In April 2014, Hardt succeeded Philipp Mißfelder as Coordinator of Transatlantic Cooperation at the Federal Foreign Office in the third cabinet of Chancellor Angela Merkel, an office he held until April 2018.
Following Mißfelder’s death in July 2015, he also took over as foreign policy spokesperson of the CDU/CSU parliamentary group and has held this position ever since (as of December 2025).
In the negotiations to form a coalition government under the leadership of Chancellor Angela Merkel following the 2017 federal elections, he was part of the working group on foreign policy, led by Ursula von der Leyen, Gerd Müller and Sigmar Gabriel. Between 2014 and 2018 Hardt was the government's coordinator for transatlantic cooperation at the Federal Foreign Office.
He lost his direct mandate in 2021 German federal election and gained a Bundestag seat via the party list.

In the 20. legislative period he served on the Committee on Foreign Affairs and as deputy on the Committee on the Affairs of the European Union (Ausschuss für die Angelegenheiten der Europäischen Union) as well as the Sub-Committee on the United Nations, International Organizations and Civil Crisis Prevention.

==Other activities==
- German Israel Association, Member of the Board (since 2022)
- German Institute for International and Security Affairs (SWP), Member of the Council
- German Council on Foreign Relations (DGAP), Member of the Steering Committee

==Political positions==
In June 2017, Hardt voted against naming same-sex civil unions marriages. same-sex marriage. Ahead of the Christian Democrats’ leadership election in 2018, he publicly endorsed Annegret Kramp-Karrenbauer to succeed Angela Merkel as the party’s chair.

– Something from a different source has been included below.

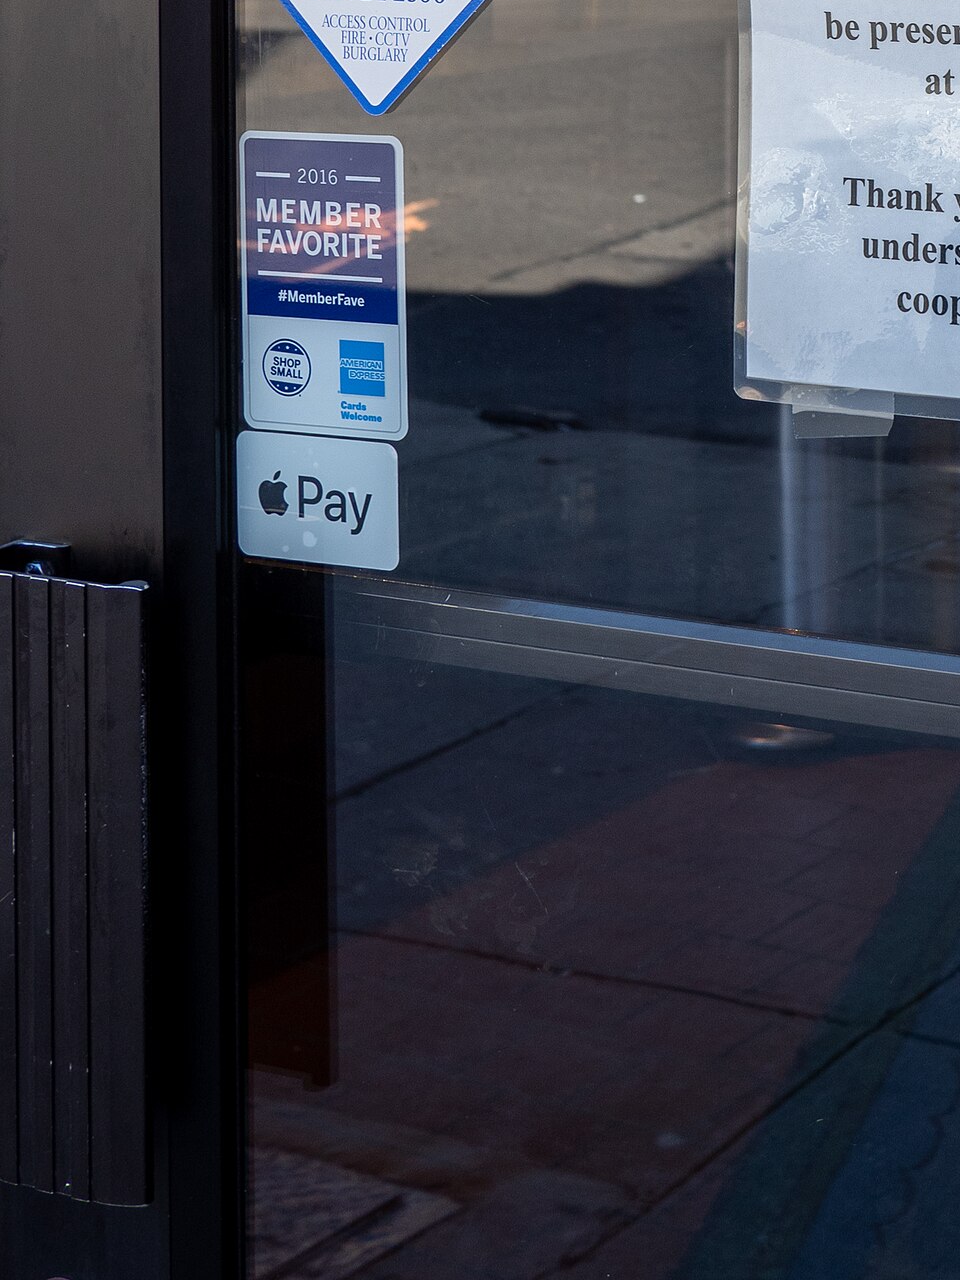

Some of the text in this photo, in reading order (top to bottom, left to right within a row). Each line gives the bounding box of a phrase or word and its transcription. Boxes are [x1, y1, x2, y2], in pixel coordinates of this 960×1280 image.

When German federal prosecutors accused the Russian government in 2020 of ordering the killing of a former Chechen rebel in Berlin and indicted a Russian man for the murder, Hardt called for further sanctions against Russia.

Ever since the Russian invasion in Ukraine Jürgen Hardt has demanded the delivery of heavy weapons to the Ukrainian government.
Prior to the invasion, he was in favour of equipping the Ukrainian military with defensive weapons and a more decisive stance against Russia's aggression.